Investing.com -- General Motors Co. reported third-quarter earnings that exceeded analyst estimates, driving its stock up over 7% in early Tuesday trading. The automaker's strong performance was fueled by robust revenue growth and improved profitability.
GM posted adjusted earnings per share of $2.96, surpassing the analyst consensus of $2.40 by $0.56. Revenue for the quarter reached $48.76 billion, significantly beating the expected $44.74 billion and marking a 10.5% increase YoY.
The company's EBIT-adjusted rose 15.5% YoY to $4.1 billion, with an EBIT-adjusted margin of 8.4%, up 0.3 percentage points from the same period last year. GM's North American operations continued to be a key driver, with EBIT-adjusted of $3.98 billion, up 12.9% YoY.
"GM is delivering our best vehicles ever with strong financial results," said CEO Mary Barra. "But I want to be clear that we are not mistaking progress for winning. Competition is fierce, and the regulatory environment will keep getting tougher."
In light of its strong performance, GM raised its full-year 2024 guidance. The company now expects EBIT-adjusted between $14 billion and $15 billion, up from the previous range of $13 billion to $15 billion. GM also increased its adjusted EPS forecast to $10.00-$10.50, above the analyst consensus of $9.97.

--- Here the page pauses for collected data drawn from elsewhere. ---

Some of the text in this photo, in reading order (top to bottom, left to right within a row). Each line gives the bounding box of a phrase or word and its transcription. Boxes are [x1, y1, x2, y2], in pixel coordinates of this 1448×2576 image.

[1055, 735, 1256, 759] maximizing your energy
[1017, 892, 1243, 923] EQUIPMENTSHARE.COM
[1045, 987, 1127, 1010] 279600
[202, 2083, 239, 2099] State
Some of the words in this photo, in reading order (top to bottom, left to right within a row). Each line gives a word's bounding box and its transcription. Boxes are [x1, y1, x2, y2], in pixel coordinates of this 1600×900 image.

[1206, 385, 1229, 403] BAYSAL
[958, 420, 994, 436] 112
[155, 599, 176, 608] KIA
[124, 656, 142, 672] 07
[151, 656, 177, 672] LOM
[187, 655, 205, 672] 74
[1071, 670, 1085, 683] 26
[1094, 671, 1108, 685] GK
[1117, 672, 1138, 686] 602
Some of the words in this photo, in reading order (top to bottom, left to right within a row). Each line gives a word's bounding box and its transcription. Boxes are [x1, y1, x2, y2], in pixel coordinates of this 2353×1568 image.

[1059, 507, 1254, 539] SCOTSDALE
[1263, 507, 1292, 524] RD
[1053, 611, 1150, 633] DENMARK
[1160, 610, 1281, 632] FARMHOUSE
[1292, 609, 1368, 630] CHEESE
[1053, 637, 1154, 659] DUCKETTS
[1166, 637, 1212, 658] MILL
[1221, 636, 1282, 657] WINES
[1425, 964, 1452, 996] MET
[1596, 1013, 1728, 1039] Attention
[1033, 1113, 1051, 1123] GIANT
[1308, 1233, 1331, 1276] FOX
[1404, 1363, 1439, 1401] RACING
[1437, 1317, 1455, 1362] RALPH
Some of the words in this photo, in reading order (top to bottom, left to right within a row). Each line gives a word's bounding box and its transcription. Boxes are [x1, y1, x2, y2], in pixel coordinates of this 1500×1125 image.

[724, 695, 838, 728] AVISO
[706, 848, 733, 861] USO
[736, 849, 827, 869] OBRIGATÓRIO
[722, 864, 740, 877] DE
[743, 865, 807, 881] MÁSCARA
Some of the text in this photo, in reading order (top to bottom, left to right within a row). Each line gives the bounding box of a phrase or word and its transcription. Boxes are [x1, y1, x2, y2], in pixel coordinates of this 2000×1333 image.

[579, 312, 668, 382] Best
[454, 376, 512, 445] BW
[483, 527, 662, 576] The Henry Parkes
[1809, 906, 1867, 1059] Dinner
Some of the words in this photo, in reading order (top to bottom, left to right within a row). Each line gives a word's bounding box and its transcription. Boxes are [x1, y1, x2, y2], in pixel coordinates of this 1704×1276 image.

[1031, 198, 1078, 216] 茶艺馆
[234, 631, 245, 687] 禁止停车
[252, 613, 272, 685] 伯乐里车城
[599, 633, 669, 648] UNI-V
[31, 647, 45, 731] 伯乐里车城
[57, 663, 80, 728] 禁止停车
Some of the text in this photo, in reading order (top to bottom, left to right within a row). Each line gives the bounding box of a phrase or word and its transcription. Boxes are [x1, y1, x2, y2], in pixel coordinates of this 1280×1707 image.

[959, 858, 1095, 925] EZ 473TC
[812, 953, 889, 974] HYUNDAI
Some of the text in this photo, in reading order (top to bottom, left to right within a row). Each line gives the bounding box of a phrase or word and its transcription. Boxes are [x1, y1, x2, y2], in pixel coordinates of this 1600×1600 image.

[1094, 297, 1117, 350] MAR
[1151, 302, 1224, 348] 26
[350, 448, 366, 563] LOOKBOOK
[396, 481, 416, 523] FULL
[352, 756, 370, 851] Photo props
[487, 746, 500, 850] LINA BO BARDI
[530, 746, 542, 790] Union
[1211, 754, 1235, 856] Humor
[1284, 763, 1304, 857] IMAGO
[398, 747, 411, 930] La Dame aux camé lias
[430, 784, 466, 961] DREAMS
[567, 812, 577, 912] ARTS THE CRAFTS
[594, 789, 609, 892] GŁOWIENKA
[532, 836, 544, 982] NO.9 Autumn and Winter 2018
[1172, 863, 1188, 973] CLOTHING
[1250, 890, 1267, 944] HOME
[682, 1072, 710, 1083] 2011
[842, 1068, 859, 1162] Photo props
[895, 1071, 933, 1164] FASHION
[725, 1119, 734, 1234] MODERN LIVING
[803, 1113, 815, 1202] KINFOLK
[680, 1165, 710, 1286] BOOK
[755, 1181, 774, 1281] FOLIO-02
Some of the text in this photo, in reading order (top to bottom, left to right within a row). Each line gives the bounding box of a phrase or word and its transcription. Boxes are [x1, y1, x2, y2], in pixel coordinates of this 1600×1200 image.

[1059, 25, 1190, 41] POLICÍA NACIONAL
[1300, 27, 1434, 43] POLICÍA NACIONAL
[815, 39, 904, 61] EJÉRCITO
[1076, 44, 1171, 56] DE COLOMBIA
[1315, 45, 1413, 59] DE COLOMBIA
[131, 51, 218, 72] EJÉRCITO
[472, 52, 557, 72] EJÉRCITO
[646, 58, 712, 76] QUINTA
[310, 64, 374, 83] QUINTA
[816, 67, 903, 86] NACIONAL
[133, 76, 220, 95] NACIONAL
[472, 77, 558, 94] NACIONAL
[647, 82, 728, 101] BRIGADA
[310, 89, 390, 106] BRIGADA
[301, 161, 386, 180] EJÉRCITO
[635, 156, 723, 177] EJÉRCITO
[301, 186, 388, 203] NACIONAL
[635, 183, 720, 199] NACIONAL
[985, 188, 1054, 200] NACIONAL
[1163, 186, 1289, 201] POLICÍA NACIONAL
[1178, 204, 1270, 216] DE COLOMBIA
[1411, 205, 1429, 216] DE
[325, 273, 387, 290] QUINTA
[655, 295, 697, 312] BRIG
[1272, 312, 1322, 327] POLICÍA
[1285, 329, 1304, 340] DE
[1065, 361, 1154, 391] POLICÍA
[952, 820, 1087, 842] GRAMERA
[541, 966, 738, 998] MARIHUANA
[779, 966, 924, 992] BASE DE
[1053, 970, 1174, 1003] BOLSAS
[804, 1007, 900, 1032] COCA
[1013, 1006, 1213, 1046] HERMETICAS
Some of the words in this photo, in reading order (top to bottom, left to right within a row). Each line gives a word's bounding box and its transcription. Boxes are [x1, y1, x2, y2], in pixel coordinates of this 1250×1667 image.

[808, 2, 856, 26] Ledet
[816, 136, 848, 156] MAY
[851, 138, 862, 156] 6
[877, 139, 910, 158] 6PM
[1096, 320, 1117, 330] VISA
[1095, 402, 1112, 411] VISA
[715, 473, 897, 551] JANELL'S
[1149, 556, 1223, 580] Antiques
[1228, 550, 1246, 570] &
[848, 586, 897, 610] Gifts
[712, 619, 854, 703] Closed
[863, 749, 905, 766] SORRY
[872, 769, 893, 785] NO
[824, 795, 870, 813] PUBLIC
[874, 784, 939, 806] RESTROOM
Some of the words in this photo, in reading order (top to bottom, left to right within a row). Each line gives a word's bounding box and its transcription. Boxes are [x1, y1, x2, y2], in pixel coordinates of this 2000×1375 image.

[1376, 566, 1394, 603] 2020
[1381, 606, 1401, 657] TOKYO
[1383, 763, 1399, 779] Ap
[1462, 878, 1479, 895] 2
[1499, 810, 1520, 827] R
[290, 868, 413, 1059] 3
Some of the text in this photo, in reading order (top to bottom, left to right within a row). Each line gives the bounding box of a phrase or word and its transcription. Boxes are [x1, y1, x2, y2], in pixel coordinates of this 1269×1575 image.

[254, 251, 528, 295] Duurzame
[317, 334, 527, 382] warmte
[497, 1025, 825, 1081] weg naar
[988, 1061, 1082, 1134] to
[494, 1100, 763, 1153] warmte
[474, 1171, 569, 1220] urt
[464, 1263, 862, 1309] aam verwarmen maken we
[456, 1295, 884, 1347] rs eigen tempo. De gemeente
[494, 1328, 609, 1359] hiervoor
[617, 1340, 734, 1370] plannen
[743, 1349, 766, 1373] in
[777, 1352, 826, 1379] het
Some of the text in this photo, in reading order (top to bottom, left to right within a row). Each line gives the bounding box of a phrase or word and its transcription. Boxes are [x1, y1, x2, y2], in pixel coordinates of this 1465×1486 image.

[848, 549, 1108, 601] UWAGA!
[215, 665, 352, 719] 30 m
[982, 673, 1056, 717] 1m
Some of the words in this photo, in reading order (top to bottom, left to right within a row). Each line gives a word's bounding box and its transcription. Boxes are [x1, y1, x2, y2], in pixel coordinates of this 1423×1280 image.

The automaker's improved outlook reflects its progress in EV profitability, rising sales, and market share growth. GM also cited improved performance in China, despite reporting an equity loss of $137 million in the region for the quarter.
GM's financial guidance includes anticipated capital spending of $10.5 billion to $11.5 billion for 2024, which encompasses investments in battery cell manufacturing joint ventures.
Reacting to the report, analysts at RBC Capital said the company's strong performance in Q3 was helped by better North America margins.
"GMI was also better but not from better China," added RBC. "Importantly, the lower end of '24 EBIT guidance was raised, which raises the mid-point. At the mid-point, would mean Q4 consensus needs to move higher. Auto FCF was also a sizable beat in Q3 and caused mgmt to raise its '24 guidance."
Wedbush maintained an Outperform rating on the stock following the earnings release, describing it as "eye-popping," coming off of its investor day, "which came in well above the Street on the top and bottom line."
"The company continues to see major benefits from its investments and traction in the field," stated the firm. "We believe this was a large step in the right direction as management continues to navigate the choppy waters and ultimately, was a long-awaited turnaround for the GM story proving testament to GM’s performance following its goals to balance production and profitability."